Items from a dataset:

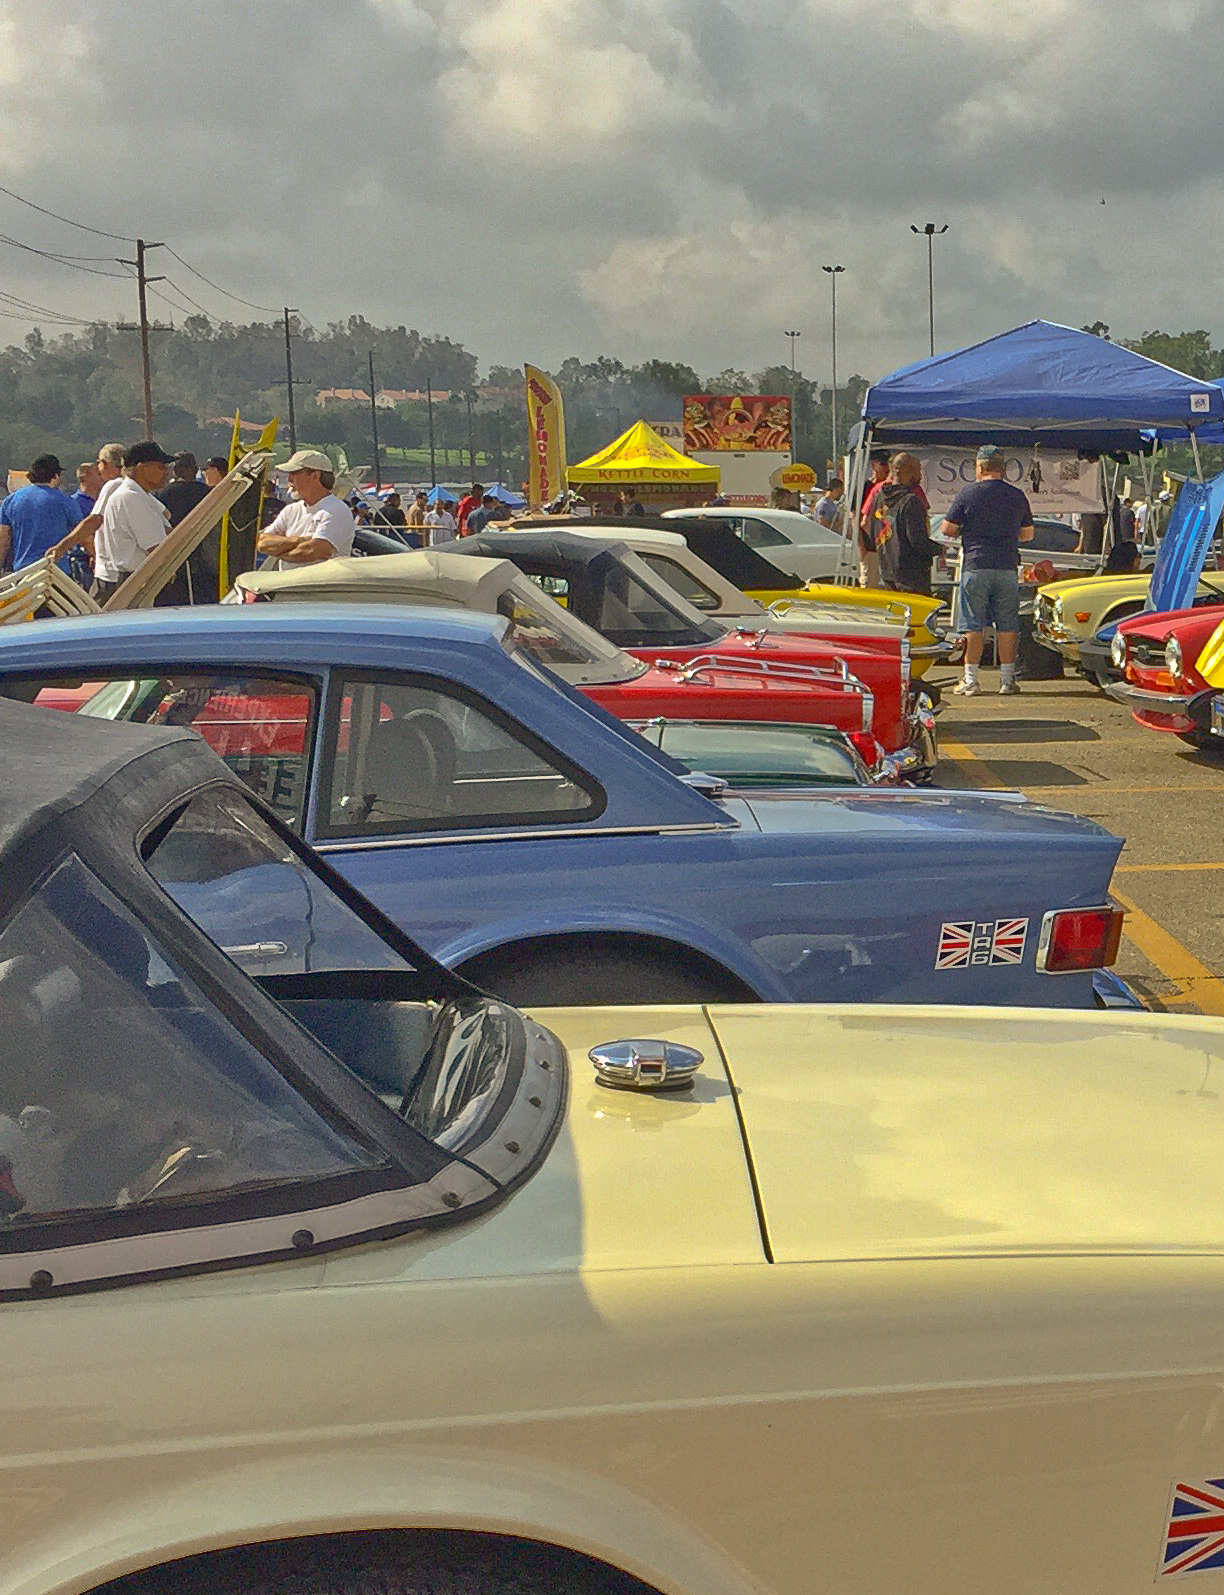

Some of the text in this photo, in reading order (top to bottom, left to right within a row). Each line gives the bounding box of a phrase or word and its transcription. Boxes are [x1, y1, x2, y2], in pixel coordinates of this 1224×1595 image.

[535, 406, 550, 502] LEMONADE
[936, 457, 1045, 483] SCOA
[598, 469, 690, 480] KETTLE CORN
[970, 922, 994, 965] TR6

• _REQUIREMENT_: Skip the images and set down the rest of the data unchanged.

• _WRITTEN REPLY_:
Some of the text in this photo, in reading order (top to bottom, left to right within a row). Each line gives the bounding box of a phrase or word and its transcription. Boxes are [x1, y1, x2, y2], in pixel coordinates of this 1224×1595 image.

[535, 406, 550, 502] LEMONADE
[936, 457, 1045, 483] SCOA
[598, 469, 690, 480] KETTLE CORN
[970, 922, 994, 965] TR6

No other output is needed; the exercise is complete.